The what-when tension
There is a symmetry here. One the one hand, a state source with a secondary event system, and on the other hand, an event source with a secondary state system. I'm currently thinking of it as a when/what distinction. An event captures 'when' trivially, and 'what' non-trivially. State captures 'what' trivially, and 'when' non-trivially.
The past-present tension
Another way of looking at it is event-sourcing gives primacy to past-truth in that the history of what happened is preserved first, and deriving the present state is the secondary concern. Meanwhile state-sourcing gives primacy to present-truth in that the current state is preserved first, and deriving the past states is the secondary concern.

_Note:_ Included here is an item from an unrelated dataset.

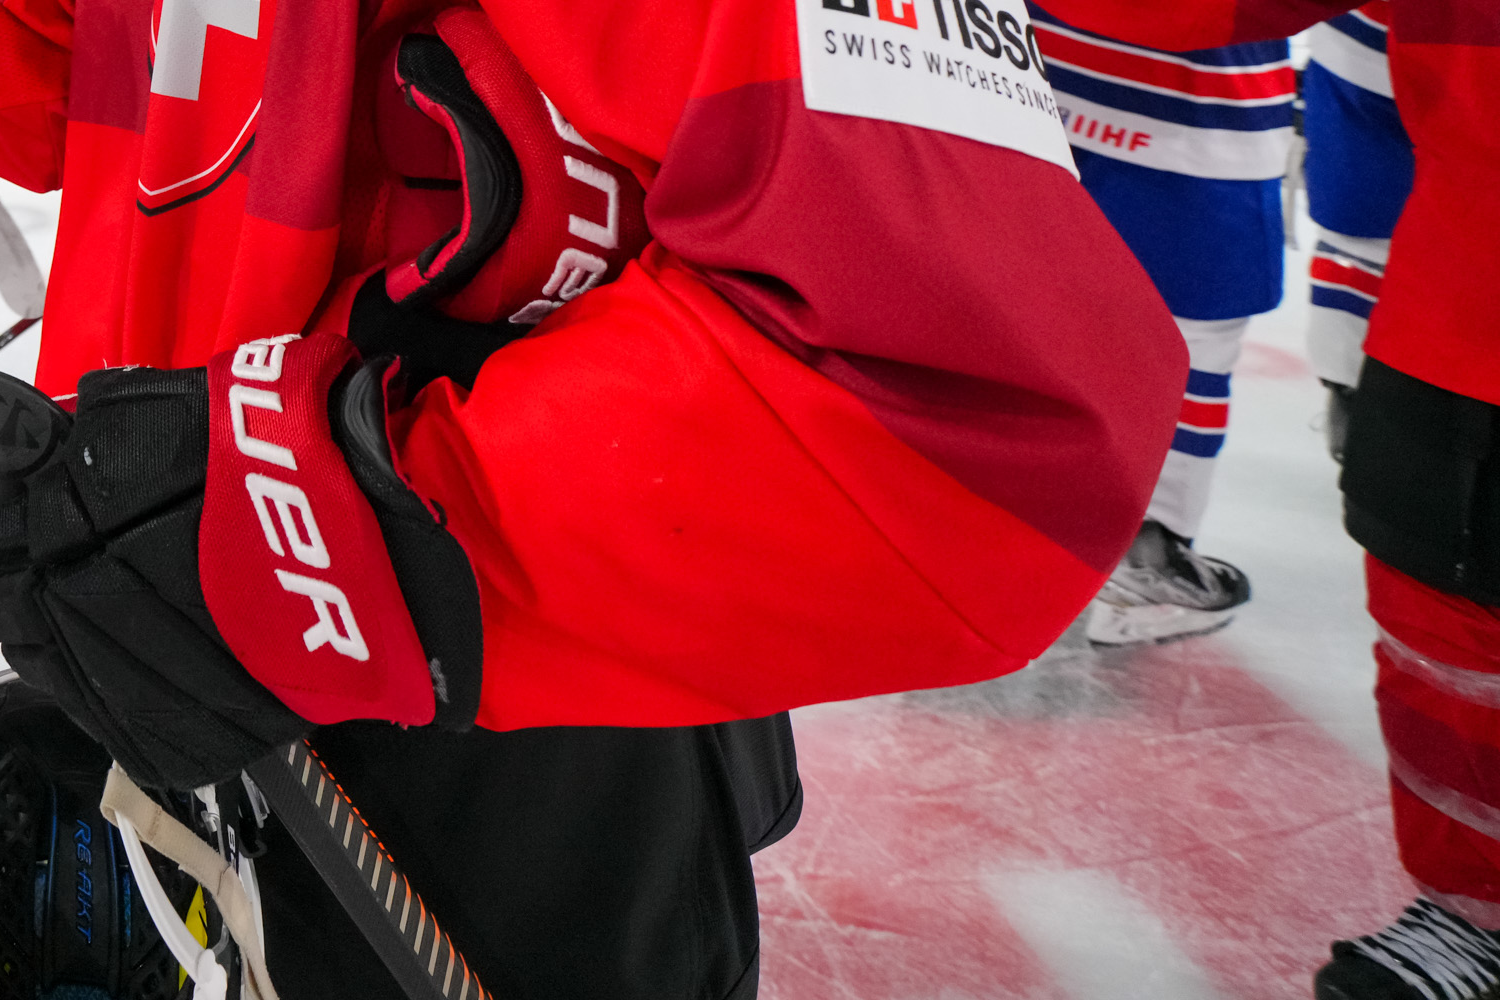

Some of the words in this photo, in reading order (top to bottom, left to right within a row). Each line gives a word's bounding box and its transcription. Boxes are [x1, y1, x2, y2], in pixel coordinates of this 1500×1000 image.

The question then become: What do you want to derive? And what do you want to have "for free"? Do you want to have the present and derive the past? Or do you want to have the past and derive the present? I suspect different applications and user experiences will have different answers to these questions.
The space-time tension?
This one gets a little loose, but events are temporal and data-objects are spatial, so perhaps there is a space-time tension here as well. Objects are things in space. Events are moments in time. This is not space in the computer storage sense, but in a physical analogy sense. You must store the state and the events as objects in the computer storage. But philosophically it feels like what is being stored is the thing verse the time-slice. I can't figure out how useful this analogy feels.